• [ACTIVITY] Without any change, set down every record below.

Collected data:
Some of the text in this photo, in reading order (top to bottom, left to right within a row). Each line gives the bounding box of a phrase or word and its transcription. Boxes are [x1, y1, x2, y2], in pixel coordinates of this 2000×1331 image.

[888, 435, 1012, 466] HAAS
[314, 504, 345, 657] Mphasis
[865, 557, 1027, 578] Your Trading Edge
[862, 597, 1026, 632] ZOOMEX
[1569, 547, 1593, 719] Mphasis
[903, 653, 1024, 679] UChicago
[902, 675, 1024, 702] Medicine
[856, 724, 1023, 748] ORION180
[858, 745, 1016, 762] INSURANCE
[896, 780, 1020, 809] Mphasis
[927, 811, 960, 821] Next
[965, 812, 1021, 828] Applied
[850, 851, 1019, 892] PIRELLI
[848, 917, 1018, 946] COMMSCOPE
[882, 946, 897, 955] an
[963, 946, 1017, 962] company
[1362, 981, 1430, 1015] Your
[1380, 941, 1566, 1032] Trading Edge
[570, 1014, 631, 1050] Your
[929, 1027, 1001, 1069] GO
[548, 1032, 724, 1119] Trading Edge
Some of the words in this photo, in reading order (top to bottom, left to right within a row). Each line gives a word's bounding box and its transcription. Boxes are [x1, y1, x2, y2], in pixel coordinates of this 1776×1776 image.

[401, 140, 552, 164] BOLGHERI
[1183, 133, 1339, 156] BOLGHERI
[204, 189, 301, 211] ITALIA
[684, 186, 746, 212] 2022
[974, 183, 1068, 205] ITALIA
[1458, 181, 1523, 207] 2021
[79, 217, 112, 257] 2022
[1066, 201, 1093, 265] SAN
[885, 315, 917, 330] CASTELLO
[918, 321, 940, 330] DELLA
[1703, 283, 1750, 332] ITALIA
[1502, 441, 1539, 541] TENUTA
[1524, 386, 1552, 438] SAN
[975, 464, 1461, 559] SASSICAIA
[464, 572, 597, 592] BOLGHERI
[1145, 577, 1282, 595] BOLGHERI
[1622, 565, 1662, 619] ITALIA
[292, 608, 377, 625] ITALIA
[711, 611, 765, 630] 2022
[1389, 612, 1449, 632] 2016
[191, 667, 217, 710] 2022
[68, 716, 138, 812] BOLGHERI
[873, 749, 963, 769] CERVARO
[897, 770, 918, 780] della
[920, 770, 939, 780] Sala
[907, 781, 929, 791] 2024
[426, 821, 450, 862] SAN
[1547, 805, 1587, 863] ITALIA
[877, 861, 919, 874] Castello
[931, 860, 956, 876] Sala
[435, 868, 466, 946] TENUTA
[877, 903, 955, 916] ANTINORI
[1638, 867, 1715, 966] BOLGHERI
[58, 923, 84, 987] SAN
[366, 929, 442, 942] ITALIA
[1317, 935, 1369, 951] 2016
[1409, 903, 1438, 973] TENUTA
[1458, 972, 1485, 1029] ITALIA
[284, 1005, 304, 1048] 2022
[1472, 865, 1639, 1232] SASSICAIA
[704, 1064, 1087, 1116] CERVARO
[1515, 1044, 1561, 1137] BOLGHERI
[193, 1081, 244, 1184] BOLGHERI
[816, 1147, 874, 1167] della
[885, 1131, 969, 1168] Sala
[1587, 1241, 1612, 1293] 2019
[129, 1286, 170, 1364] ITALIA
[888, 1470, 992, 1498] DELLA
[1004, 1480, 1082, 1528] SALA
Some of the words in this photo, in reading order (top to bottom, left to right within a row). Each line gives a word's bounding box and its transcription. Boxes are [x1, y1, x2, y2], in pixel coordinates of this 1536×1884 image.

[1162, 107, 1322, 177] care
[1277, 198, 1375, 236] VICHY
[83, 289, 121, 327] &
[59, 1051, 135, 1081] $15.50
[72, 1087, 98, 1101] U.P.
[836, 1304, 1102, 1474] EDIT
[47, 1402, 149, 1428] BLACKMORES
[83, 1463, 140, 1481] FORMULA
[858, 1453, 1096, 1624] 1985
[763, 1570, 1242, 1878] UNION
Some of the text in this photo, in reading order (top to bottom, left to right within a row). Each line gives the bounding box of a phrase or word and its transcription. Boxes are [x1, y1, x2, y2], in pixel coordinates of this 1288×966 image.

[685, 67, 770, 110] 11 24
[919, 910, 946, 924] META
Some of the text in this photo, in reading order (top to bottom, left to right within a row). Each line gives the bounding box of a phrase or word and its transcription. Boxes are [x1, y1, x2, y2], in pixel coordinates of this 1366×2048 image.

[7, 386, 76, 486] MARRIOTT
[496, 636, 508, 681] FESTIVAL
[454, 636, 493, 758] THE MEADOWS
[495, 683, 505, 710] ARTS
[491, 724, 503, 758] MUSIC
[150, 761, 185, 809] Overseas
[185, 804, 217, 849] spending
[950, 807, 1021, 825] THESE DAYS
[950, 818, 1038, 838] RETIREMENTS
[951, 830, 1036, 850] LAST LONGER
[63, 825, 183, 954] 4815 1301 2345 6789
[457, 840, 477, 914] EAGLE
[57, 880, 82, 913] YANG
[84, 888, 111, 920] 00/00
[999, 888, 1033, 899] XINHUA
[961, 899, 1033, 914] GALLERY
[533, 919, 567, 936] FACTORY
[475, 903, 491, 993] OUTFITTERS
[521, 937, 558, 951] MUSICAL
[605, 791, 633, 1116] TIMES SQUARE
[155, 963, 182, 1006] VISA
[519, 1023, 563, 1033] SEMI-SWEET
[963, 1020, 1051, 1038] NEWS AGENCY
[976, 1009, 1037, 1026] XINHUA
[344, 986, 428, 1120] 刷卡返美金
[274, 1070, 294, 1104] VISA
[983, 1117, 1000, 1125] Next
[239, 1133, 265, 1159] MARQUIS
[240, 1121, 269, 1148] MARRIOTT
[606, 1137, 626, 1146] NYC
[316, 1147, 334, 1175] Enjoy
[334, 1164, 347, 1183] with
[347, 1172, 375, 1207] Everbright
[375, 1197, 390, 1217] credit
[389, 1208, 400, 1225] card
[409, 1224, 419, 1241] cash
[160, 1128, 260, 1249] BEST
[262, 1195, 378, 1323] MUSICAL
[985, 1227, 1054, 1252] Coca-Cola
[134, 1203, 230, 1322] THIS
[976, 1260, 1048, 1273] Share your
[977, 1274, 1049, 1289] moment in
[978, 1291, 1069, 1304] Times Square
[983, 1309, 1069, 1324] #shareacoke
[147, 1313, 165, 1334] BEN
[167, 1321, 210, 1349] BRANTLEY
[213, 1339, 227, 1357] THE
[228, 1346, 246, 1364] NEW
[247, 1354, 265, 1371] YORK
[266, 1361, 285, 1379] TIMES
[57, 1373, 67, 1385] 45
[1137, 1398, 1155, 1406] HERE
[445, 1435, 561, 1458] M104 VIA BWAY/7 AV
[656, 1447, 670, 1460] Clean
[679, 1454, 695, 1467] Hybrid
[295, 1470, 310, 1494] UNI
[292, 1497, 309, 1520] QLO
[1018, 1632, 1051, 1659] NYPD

• [RESPONSE]
Some of the text in this photo, in reading order (top to bottom, left to right within a row). Each line gives the bounding box of a phrase or word and its transcription. Boxes are [x1, y1, x2, y2], in pixel coordinates of this 2000×1331 image.

[888, 435, 1012, 466] HAAS
[314, 504, 345, 657] Mphasis
[865, 557, 1027, 578] Your Trading Edge
[862, 597, 1026, 632] ZOOMEX
[1569, 547, 1593, 719] Mphasis
[903, 653, 1024, 679] UChicago
[902, 675, 1024, 702] Medicine
[856, 724, 1023, 748] ORION180
[858, 745, 1016, 762] INSURANCE
[896, 780, 1020, 809] Mphasis
[927, 811, 960, 821] Next
[965, 812, 1021, 828] Applied
[850, 851, 1019, 892] PIRELLI
[848, 917, 1018, 946] COMMSCOPE
[882, 946, 897, 955] an
[963, 946, 1017, 962] company
[1362, 981, 1430, 1015] Your
[1380, 941, 1566, 1032] Trading Edge
[570, 1014, 631, 1050] Your
[929, 1027, 1001, 1069] GO
[548, 1032, 724, 1119] Trading Edge
Some of the words in this photo, in reading order (top to bottom, left to right within a row). Each line gives a word's bounding box and its transcription. Boxes are [x1, y1, x2, y2], in pixel coordinates of this 1776×1776 image.

[401, 140, 552, 164] BOLGHERI
[1183, 133, 1339, 156] BOLGHERI
[204, 189, 301, 211] ITALIA
[684, 186, 746, 212] 2022
[974, 183, 1068, 205] ITALIA
[1458, 181, 1523, 207] 2021
[79, 217, 112, 257] 2022
[1066, 201, 1093, 265] SAN
[885, 315, 917, 330] CASTELLO
[918, 321, 940, 330] DELLA
[1703, 283, 1750, 332] ITALIA
[1502, 441, 1539, 541] TENUTA
[1524, 386, 1552, 438] SAN
[975, 464, 1461, 559] SASSICAIA
[464, 572, 597, 592] BOLGHERI
[1145, 577, 1282, 595] BOLGHERI
[1622, 565, 1662, 619] ITALIA
[292, 608, 377, 625] ITALIA
[711, 611, 765, 630] 2022
[1389, 612, 1449, 632] 2016
[191, 667, 217, 710] 2022
[68, 716, 138, 812] BOLGHERI
[873, 749, 963, 769] CERVARO
[897, 770, 918, 780] della
[920, 770, 939, 780] Sala
[907, 781, 929, 791] 2024
[426, 821, 450, 862] SAN
[1547, 805, 1587, 863] ITALIA
[877, 861, 919, 874] Castello
[931, 860, 956, 876] Sala
[435, 868, 466, 946] TENUTA
[877, 903, 955, 916] ANTINORI
[1638, 867, 1715, 966] BOLGHERI
[58, 923, 84, 987] SAN
[366, 929, 442, 942] ITALIA
[1317, 935, 1369, 951] 2016
[1409, 903, 1438, 973] TENUTA
[1458, 972, 1485, 1029] ITALIA
[284, 1005, 304, 1048] 2022
[1472, 865, 1639, 1232] SASSICAIA
[704, 1064, 1087, 1116] CERVARO
[1515, 1044, 1561, 1137] BOLGHERI
[193, 1081, 244, 1184] BOLGHERI
[816, 1147, 874, 1167] della
[885, 1131, 969, 1168] Sala
[1587, 1241, 1612, 1293] 2019
[129, 1286, 170, 1364] ITALIA
[888, 1470, 992, 1498] DELLA
[1004, 1480, 1082, 1528] SALA
Some of the words in this photo, in reading order (top to bottom, left to right within a row). Each line gives a word's bounding box and its transcription. Boxes are [x1, y1, x2, y2], in pixel coordinates of this 1536×1884 image.

[1162, 107, 1322, 177] care
[1277, 198, 1375, 236] VICHY
[83, 289, 121, 327] &
[59, 1051, 135, 1081] $15.50
[72, 1087, 98, 1101] U.P.
[836, 1304, 1102, 1474] EDIT
[47, 1402, 149, 1428] BLACKMORES
[83, 1463, 140, 1481] FORMULA
[858, 1453, 1096, 1624] 1985
[763, 1570, 1242, 1878] UNION
Some of the text in this photo, in reading order (top to bottom, left to right within a row). Each line gives the bounding box of a phrase or word and its transcription. Boxes are [x1, y1, x2, y2], in pixel coordinates of this 1288×966 image.

[685, 67, 770, 110] 11 24
[919, 910, 946, 924] META
Some of the text in this photo, in reading order (top to bottom, left to right within a row). Each line gives the bounding box of a phrase or word and its transcription. Boxes are [x1, y1, x2, y2], in pixel coordinates of this 1366×2048 image.

[7, 386, 76, 486] MARRIOTT
[496, 636, 508, 681] FESTIVAL
[454, 636, 493, 758] THE MEADOWS
[495, 683, 505, 710] ARTS
[491, 724, 503, 758] MUSIC
[150, 761, 185, 809] Overseas
[185, 804, 217, 849] spending
[950, 807, 1021, 825] THESE DAYS
[950, 818, 1038, 838] RETIREMENTS
[951, 830, 1036, 850] LAST LONGER
[63, 825, 183, 954] 4815 1301 2345 6789
[457, 840, 477, 914] EAGLE
[57, 880, 82, 913] YANG
[84, 888, 111, 920] 00/00
[999, 888, 1033, 899] XINHUA
[961, 899, 1033, 914] GALLERY
[533, 919, 567, 936] FACTORY
[475, 903, 491, 993] OUTFITTERS
[521, 937, 558, 951] MUSICAL
[605, 791, 633, 1116] TIMES SQUARE
[155, 963, 182, 1006] VISA
[519, 1023, 563, 1033] SEMI-SWEET
[963, 1020, 1051, 1038] NEWS AGENCY
[976, 1009, 1037, 1026] XINHUA
[344, 986, 428, 1120] 刷卡返美金
[274, 1070, 294, 1104] VISA
[983, 1117, 1000, 1125] Next
[239, 1133, 265, 1159] MARQUIS
[240, 1121, 269, 1148] MARRIOTT
[606, 1137, 626, 1146] NYC
[316, 1147, 334, 1175] Enjoy
[334, 1164, 347, 1183] with
[347, 1172, 375, 1207] Everbright
[375, 1197, 390, 1217] credit
[389, 1208, 400, 1225] card
[409, 1224, 419, 1241] cash
[160, 1128, 260, 1249] BEST
[262, 1195, 378, 1323] MUSICAL
[985, 1227, 1054, 1252] Coca-Cola
[134, 1203, 230, 1322] THIS
[976, 1260, 1048, 1273] Share your
[977, 1274, 1049, 1289] moment in
[978, 1291, 1069, 1304] Times Square
[983, 1309, 1069, 1324] #shareacoke
[147, 1313, 165, 1334] BEN
[167, 1321, 210, 1349] BRANTLEY
[213, 1339, 227, 1357] THE
[228, 1346, 246, 1364] NEW
[247, 1354, 265, 1371] YORK
[266, 1361, 285, 1379] TIMES
[57, 1373, 67, 1385] 45
[1137, 1398, 1155, 1406] HERE
[445, 1435, 561, 1458] M104 VIA BWAY/7 AV
[656, 1447, 670, 1460] Clean
[679, 1454, 695, 1467] Hybrid
[295, 1470, 310, 1494] UNI
[292, 1497, 309, 1520] QLO
[1018, 1632, 1051, 1659] NYPD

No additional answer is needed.